= Data for this exercise =
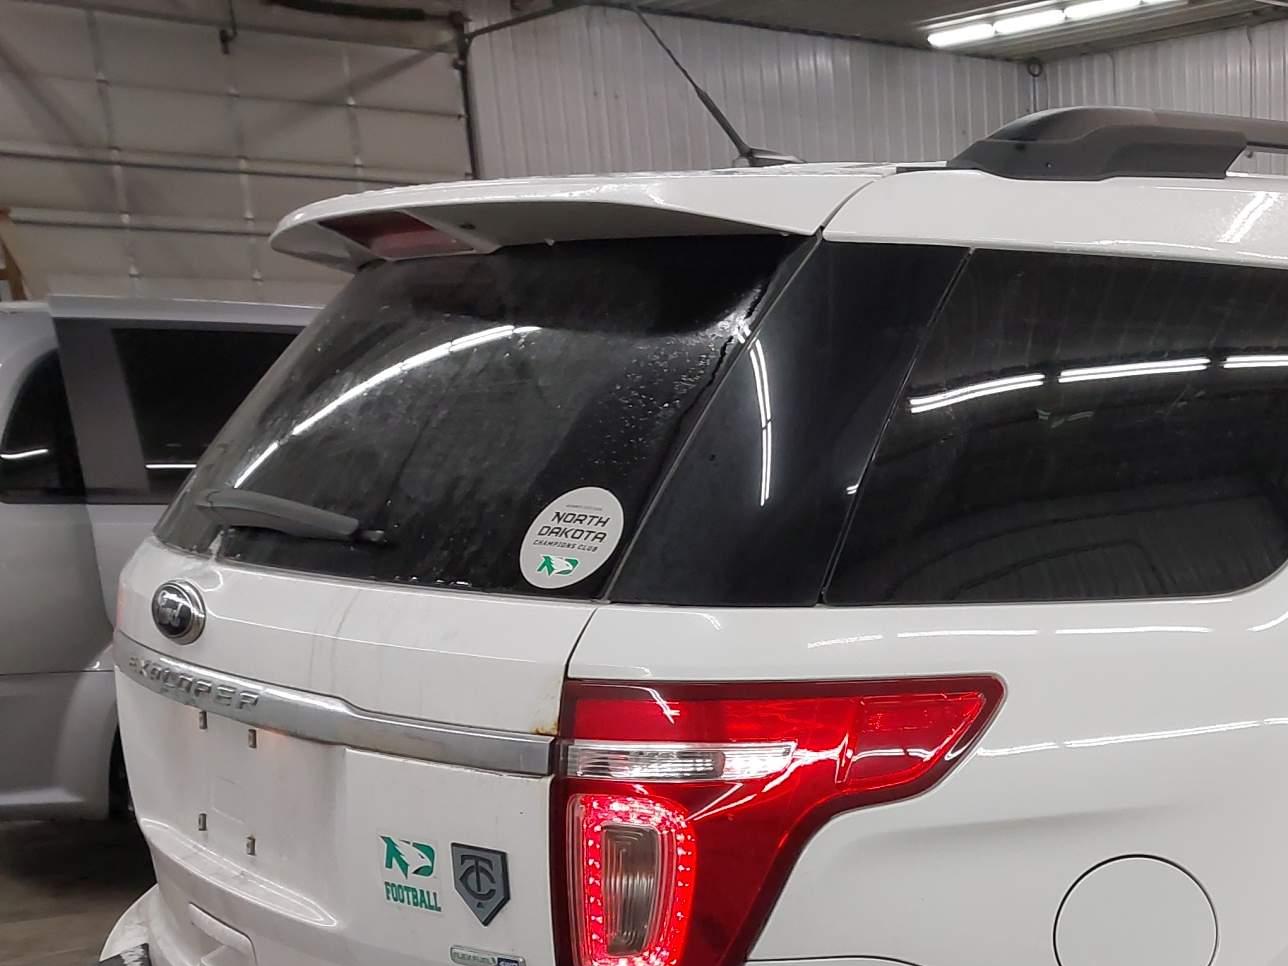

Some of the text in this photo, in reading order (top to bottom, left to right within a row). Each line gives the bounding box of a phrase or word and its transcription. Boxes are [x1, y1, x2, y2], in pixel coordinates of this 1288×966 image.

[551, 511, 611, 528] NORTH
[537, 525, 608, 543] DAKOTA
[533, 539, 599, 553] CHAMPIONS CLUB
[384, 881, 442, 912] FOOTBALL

* * *

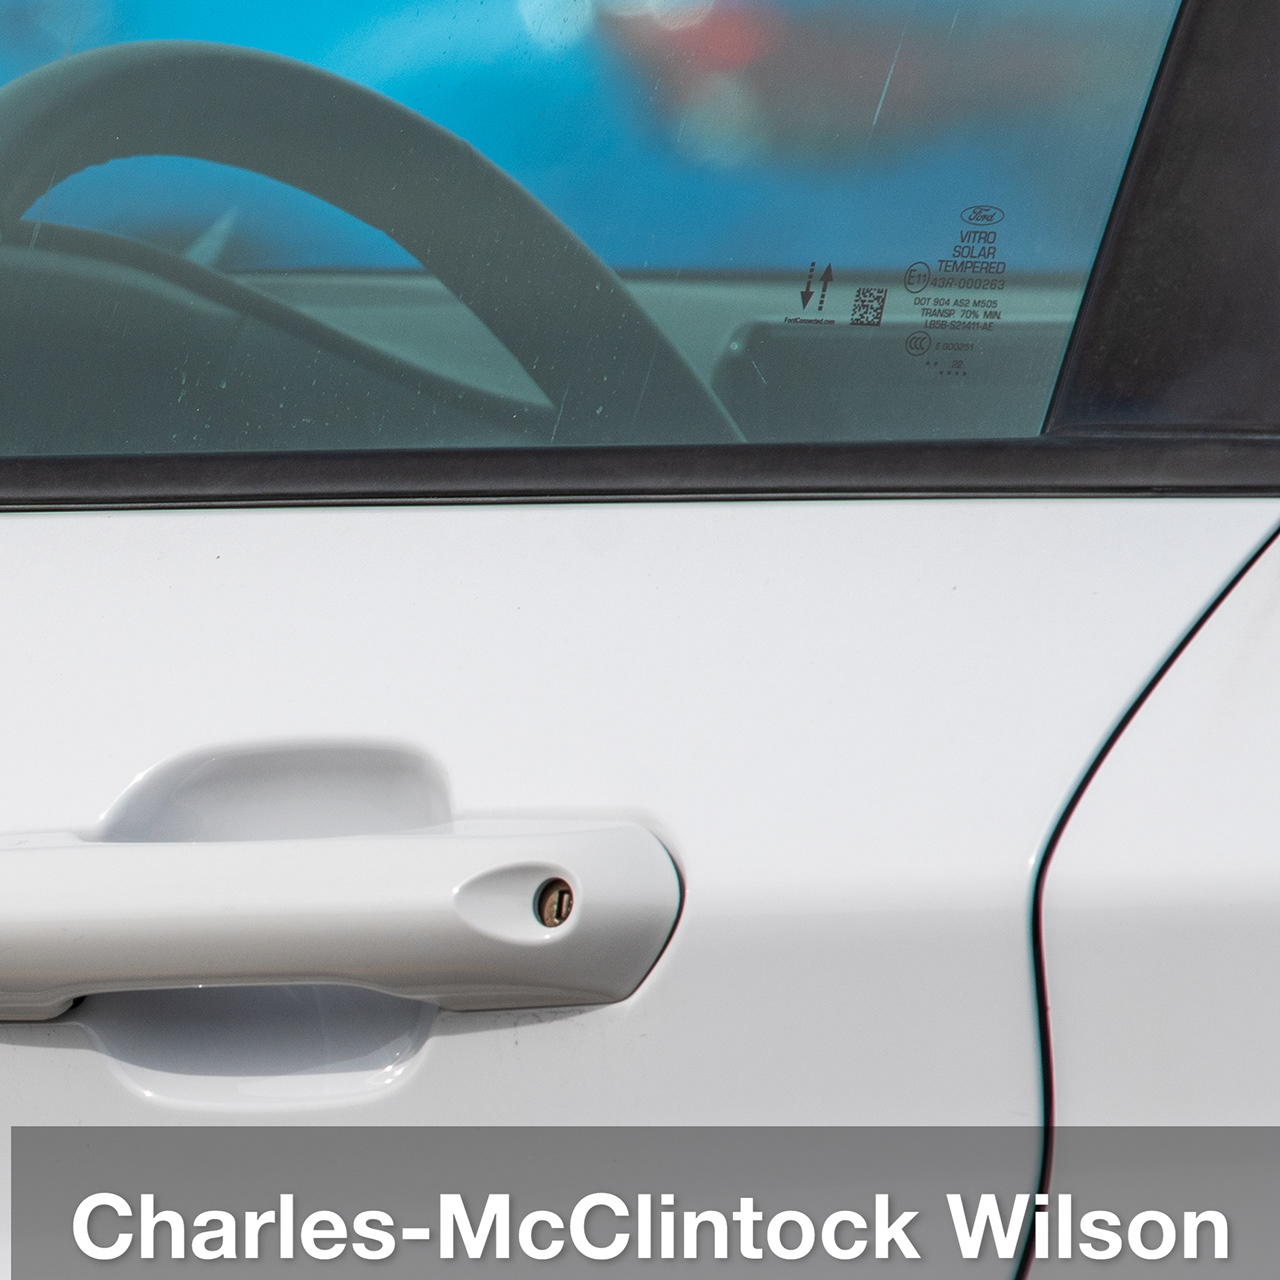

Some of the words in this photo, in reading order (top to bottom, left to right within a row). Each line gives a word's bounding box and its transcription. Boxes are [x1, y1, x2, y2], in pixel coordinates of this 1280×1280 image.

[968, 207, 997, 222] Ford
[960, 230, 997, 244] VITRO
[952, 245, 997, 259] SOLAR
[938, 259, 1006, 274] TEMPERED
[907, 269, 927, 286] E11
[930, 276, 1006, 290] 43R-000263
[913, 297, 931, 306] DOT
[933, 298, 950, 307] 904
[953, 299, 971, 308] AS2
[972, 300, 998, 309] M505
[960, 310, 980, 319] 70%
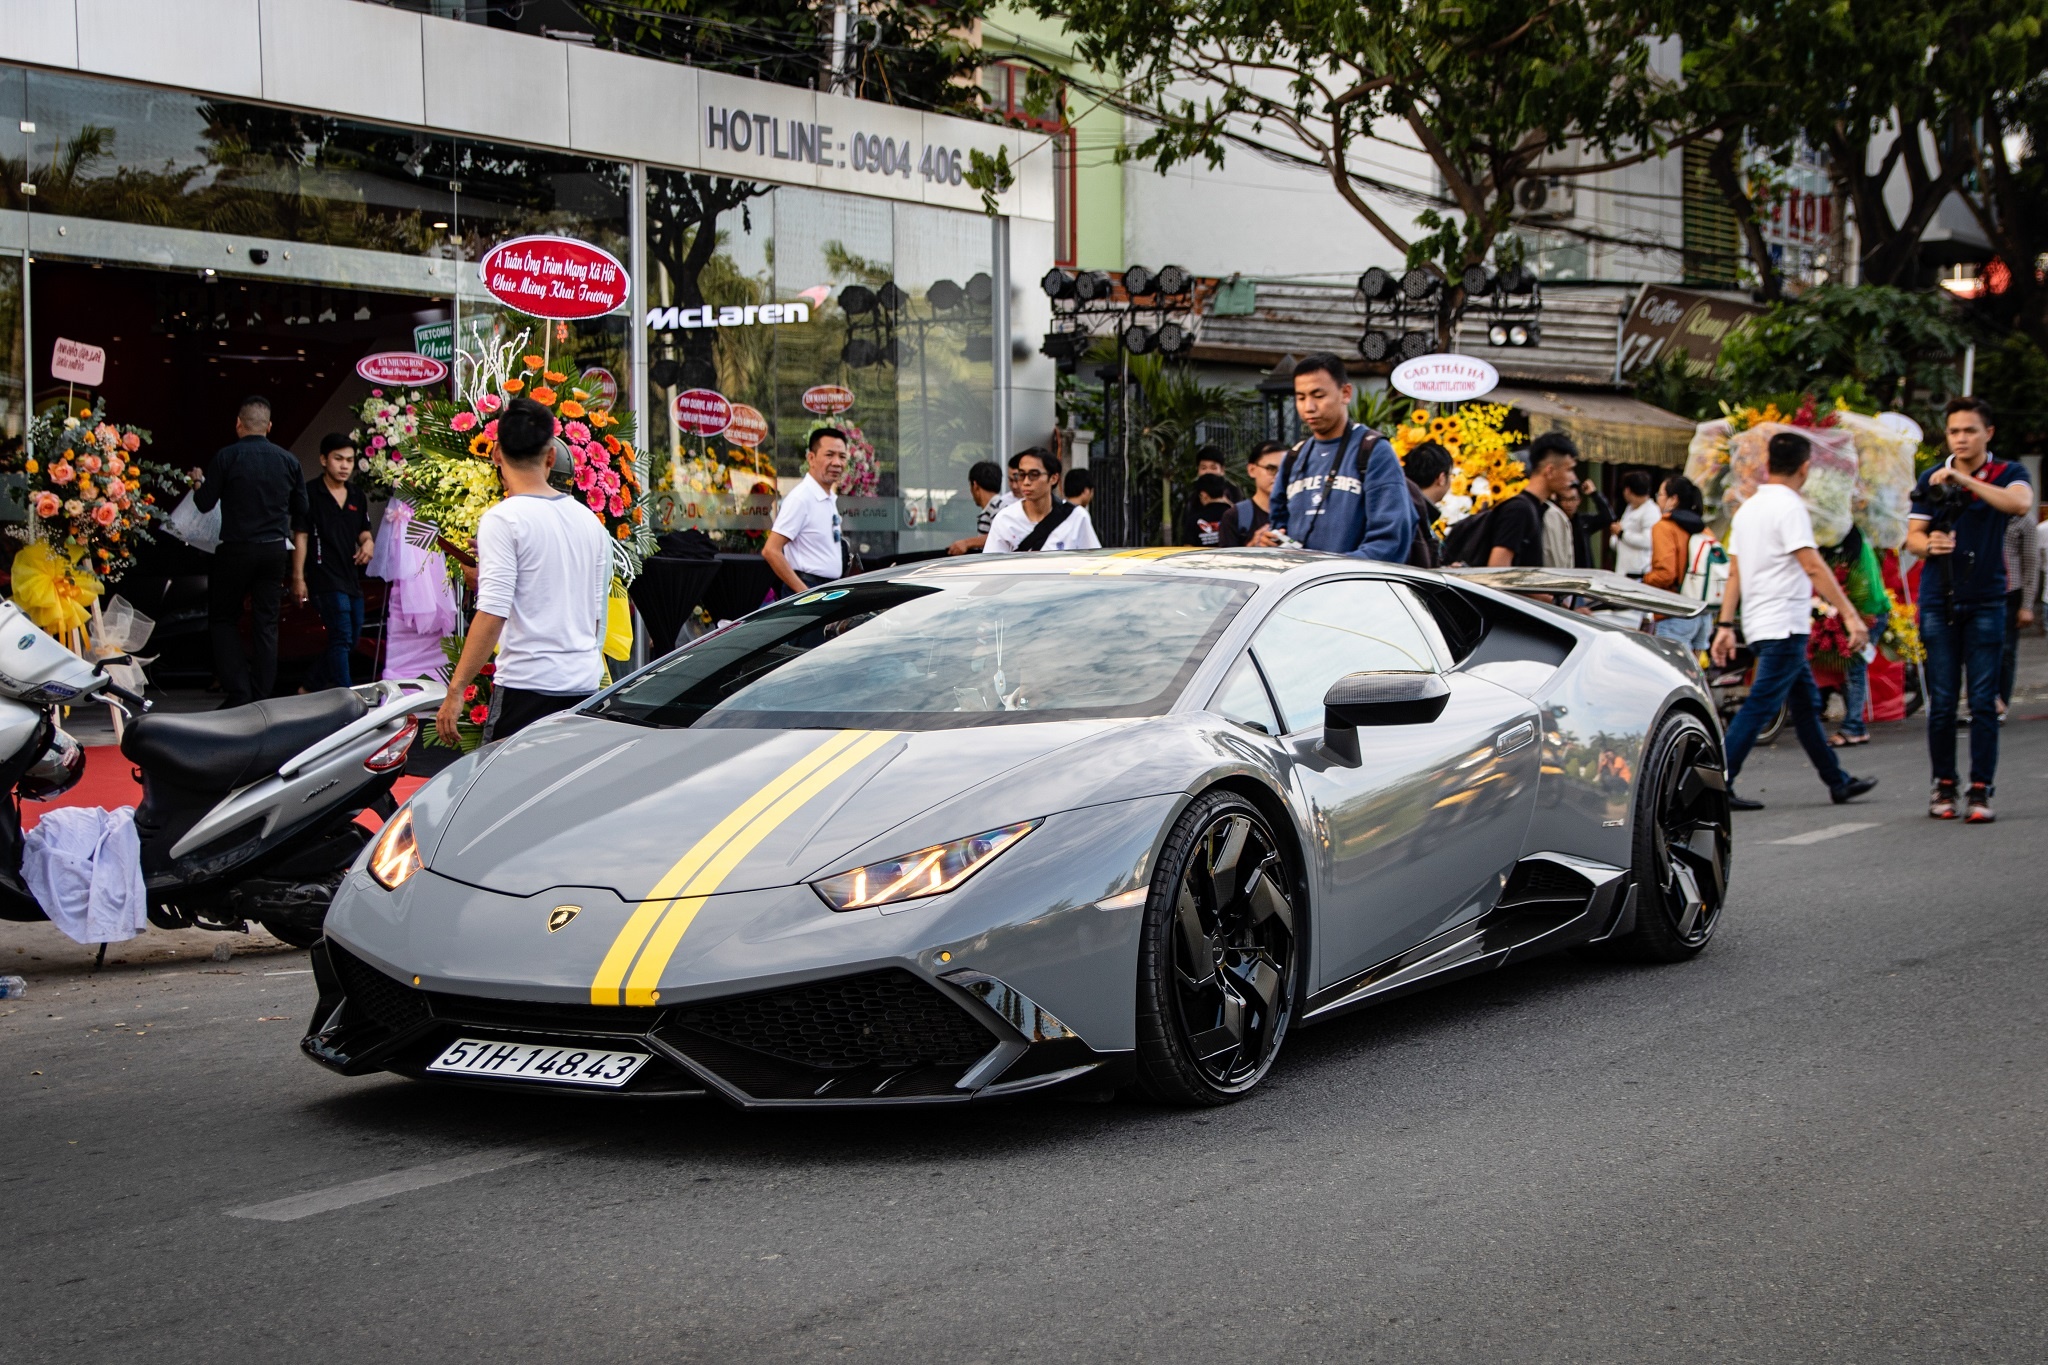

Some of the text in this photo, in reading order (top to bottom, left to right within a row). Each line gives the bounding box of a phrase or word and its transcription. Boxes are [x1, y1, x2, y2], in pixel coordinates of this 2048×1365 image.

= Instructions for the task =
Only the lines between the one with "Some of the words" and the one with "this 2048×1365 image.", those two included, get copied from the material above. Keep it exact and free of pictures.

= Answer section =
Some of the words in this photo, in reading order (top to bottom, left to right within a row). Each line gives a word's bounding box and its transcription. Boxes are [x1, y1, x2, y2], in pixel coordinates of this 1280×1280 image.

[968, 207, 997, 222] Ford
[960, 230, 997, 244] VITRO
[952, 245, 997, 259] SOLAR
[938, 259, 1006, 274] TEMPERED
[907, 269, 927, 286] E11
[930, 276, 1006, 290] 43R-000263
[913, 297, 931, 306] DOT
[933, 298, 950, 307] 904
[953, 299, 971, 308] AS2
[972, 300, 998, 309] M505
[960, 310, 980, 319] 70%

Some of the text in this photo, in reading order (top to bottom, left to right within a row). Each line gives the bounding box of a phrase or word and its transcription. Boxes are [x1, y1, x2, y2], in pixel coordinates of this 2048×1365 image.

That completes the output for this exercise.